● **Provided entries**

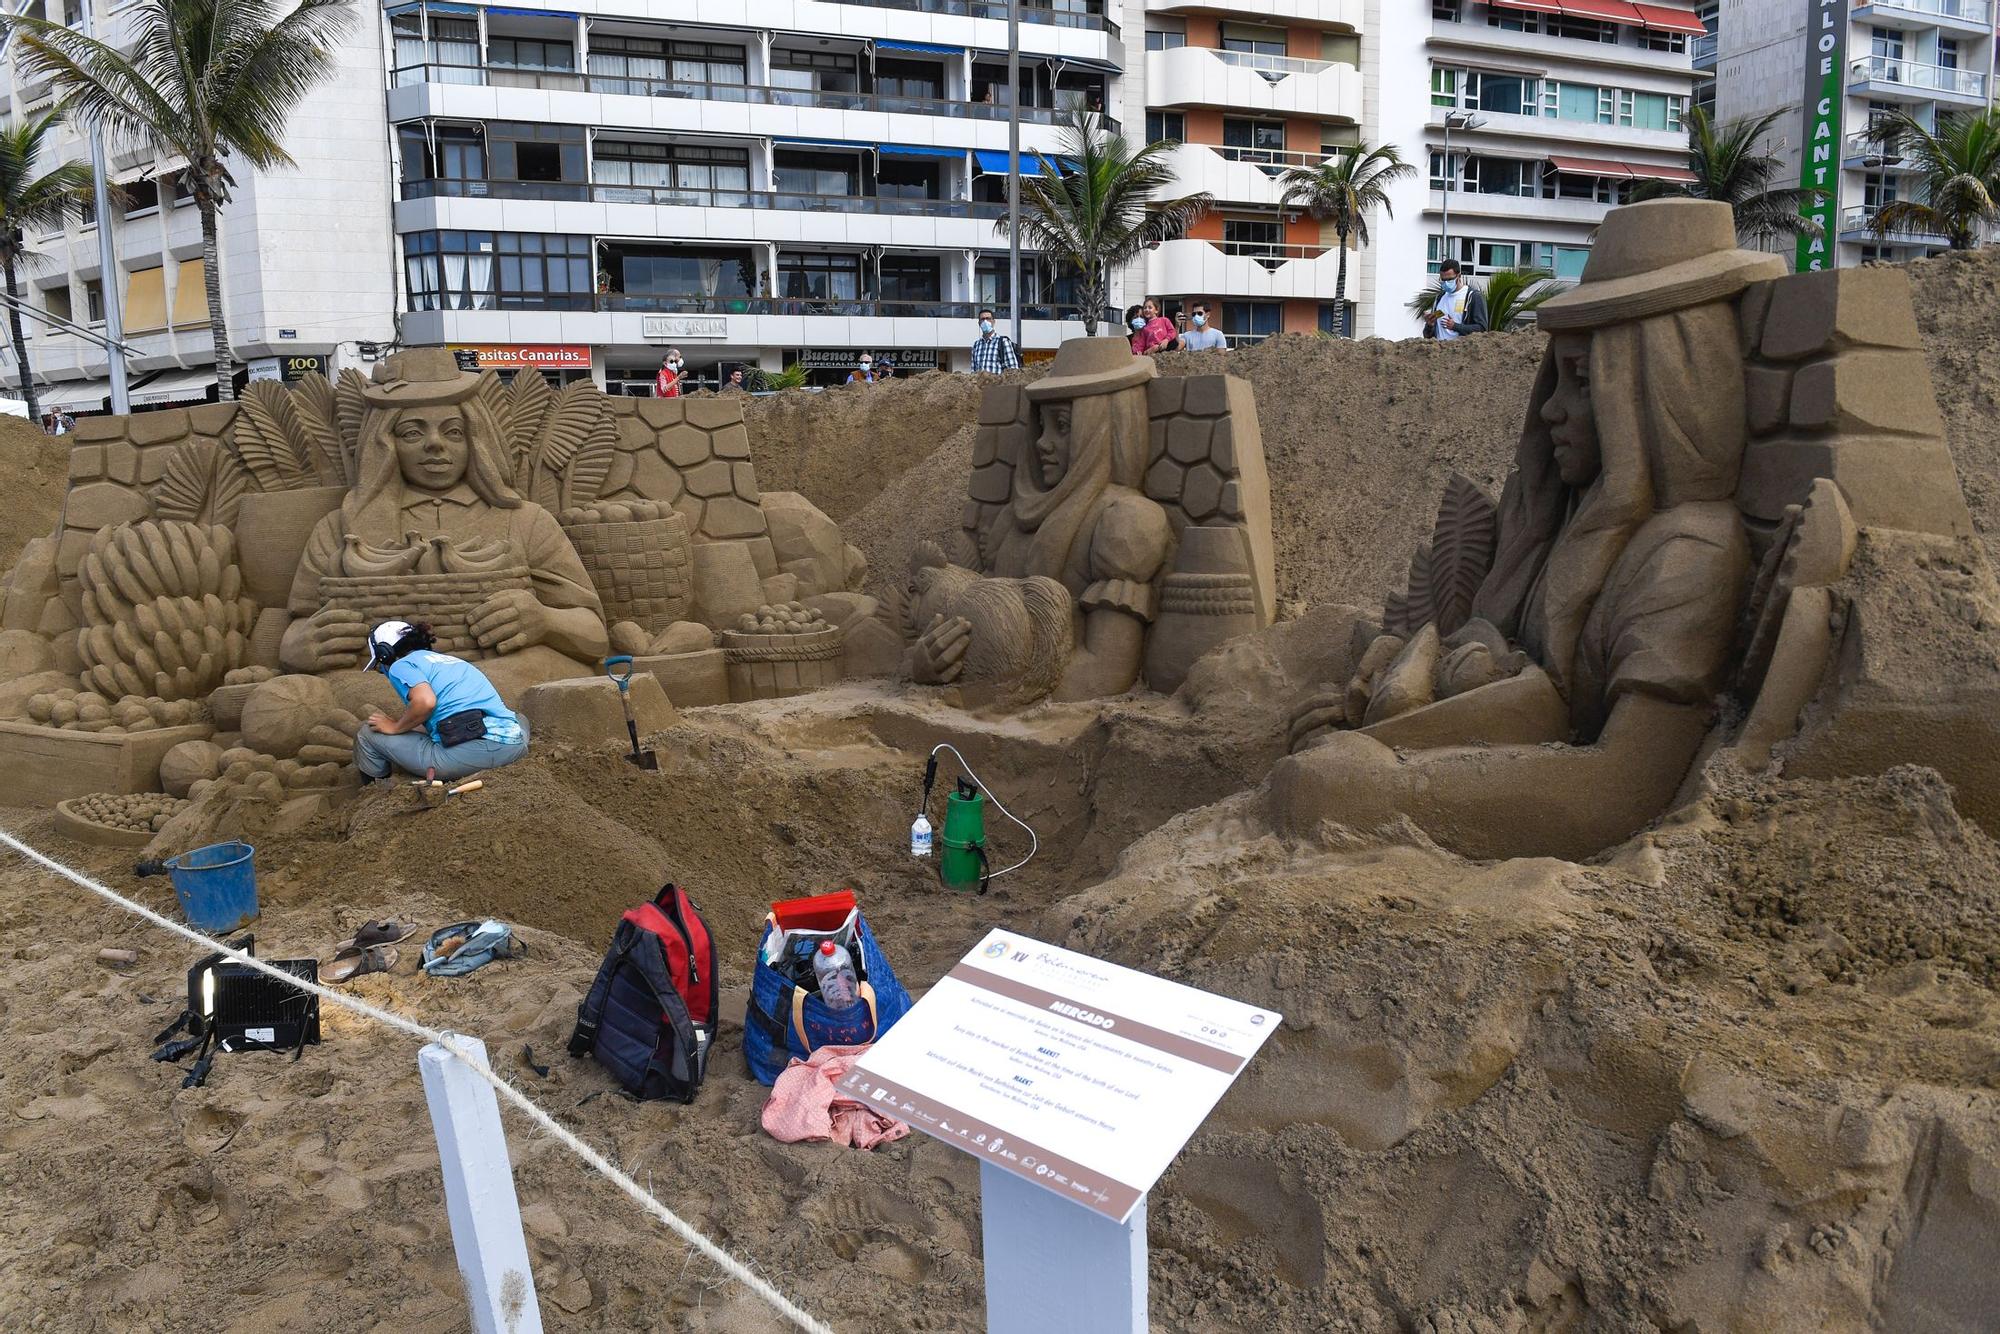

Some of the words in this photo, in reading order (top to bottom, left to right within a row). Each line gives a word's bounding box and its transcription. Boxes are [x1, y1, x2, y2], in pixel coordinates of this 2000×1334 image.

[471, 348, 517, 361] asitas
[802, 349, 856, 362] Buenos
[859, 349, 898, 362] ires
[901, 349, 935, 362] Grill
[287, 357, 318, 371] 100
[1010, 951, 1029, 962] XV
[1050, 1001, 1114, 1028] MERCADO
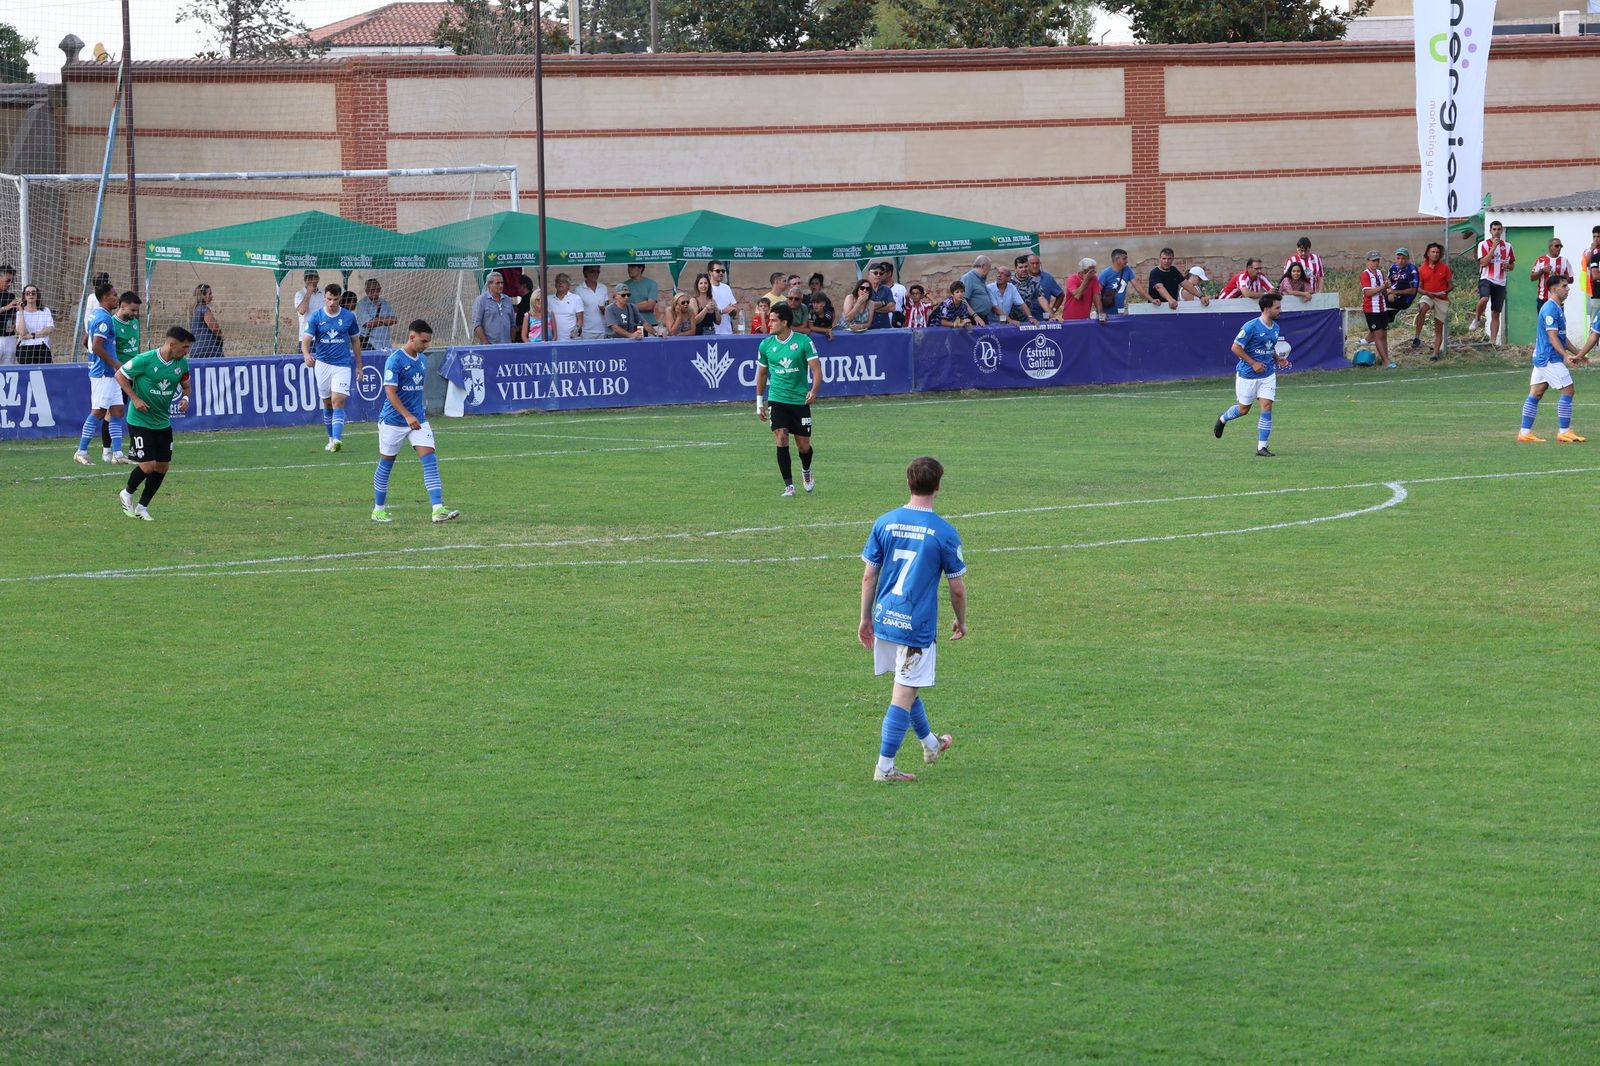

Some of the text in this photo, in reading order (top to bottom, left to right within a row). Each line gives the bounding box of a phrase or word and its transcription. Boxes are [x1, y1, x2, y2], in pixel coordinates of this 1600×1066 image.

[1426, 101, 1437, 157] marketing
[1026, 347, 1056, 357] Estrella
[496, 359, 627, 377] AYUNTAMIENTO DE
[807, 354, 886, 384] URAL
[1028, 358, 1054, 368] Galicia
[362, 374, 376, 382] RF
[194, 362, 324, 416] IMPULSO
[362, 384, 376, 392] EF
[496, 376, 630, 400] VILLARALBO
[134, 436, 144, 449] 10
[927, 528, 935, 536] DE
[891, 549, 917, 596] 7
[882, 617, 912, 630] ZAMORA
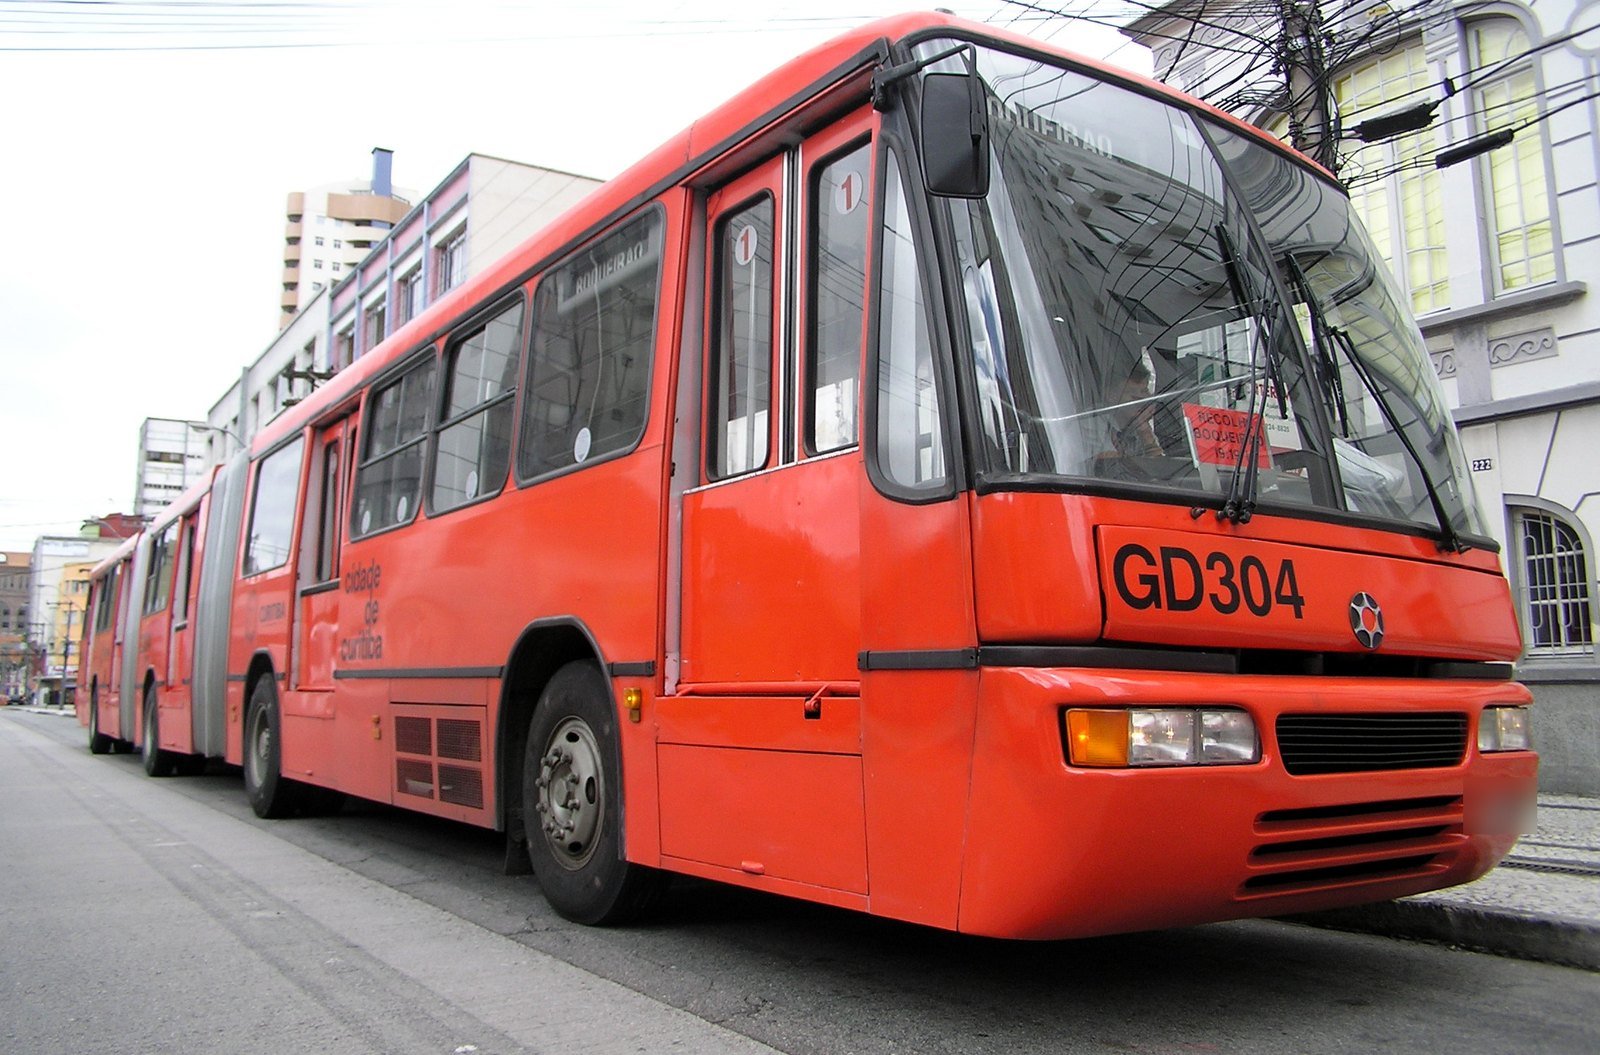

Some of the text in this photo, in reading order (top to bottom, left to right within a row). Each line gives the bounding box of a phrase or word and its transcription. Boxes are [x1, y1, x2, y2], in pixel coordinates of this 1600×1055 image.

● **Activity**
Please output every record above exactly. Leave the pictures out.

● **Answer box**
Some of the words in this photo, in reading order (top to bottom, left to right within a row). Each line gives a word's bounding box and its transcription. Boxes are [x1, y1, x2, y2], in pixel coordinates of this 2000×1334 image.

[471, 348, 517, 361] asitas
[802, 349, 856, 362] Buenos
[859, 349, 898, 362] ires
[901, 349, 935, 362] Grill
[287, 357, 318, 371] 100
[1010, 951, 1029, 962] XV
[1050, 1001, 1114, 1028] MERCADO

Some of the text in this photo, in reading order (top to bottom, left to right within a row). Each line gives the bounding box of a phrase or word and its transcription. Boxes are [x1, y1, x2, y2], in pixel coordinates of this 1600×1066 image.

[1426, 101, 1437, 157] marketing
[1026, 347, 1056, 357] Estrella
[496, 359, 627, 377] AYUNTAMIENTO DE
[807, 354, 886, 384] URAL
[1028, 358, 1054, 368] Galicia
[362, 374, 376, 382] RF
[194, 362, 324, 416] IMPULSO
[362, 384, 376, 392] EF
[496, 376, 630, 400] VILLARALBO
[134, 436, 144, 449] 10
[927, 528, 935, 536] DE
[891, 549, 917, 596] 7
[882, 617, 912, 630] ZAMORA

Some of the text in this photo, in reading order (top to bottom, left to right within a row). Each line gives the bounding box of a phrase or word and its transcription. Boxes are [x1, y1, x2, y2], in pixel coordinates of this 1600×1055 image.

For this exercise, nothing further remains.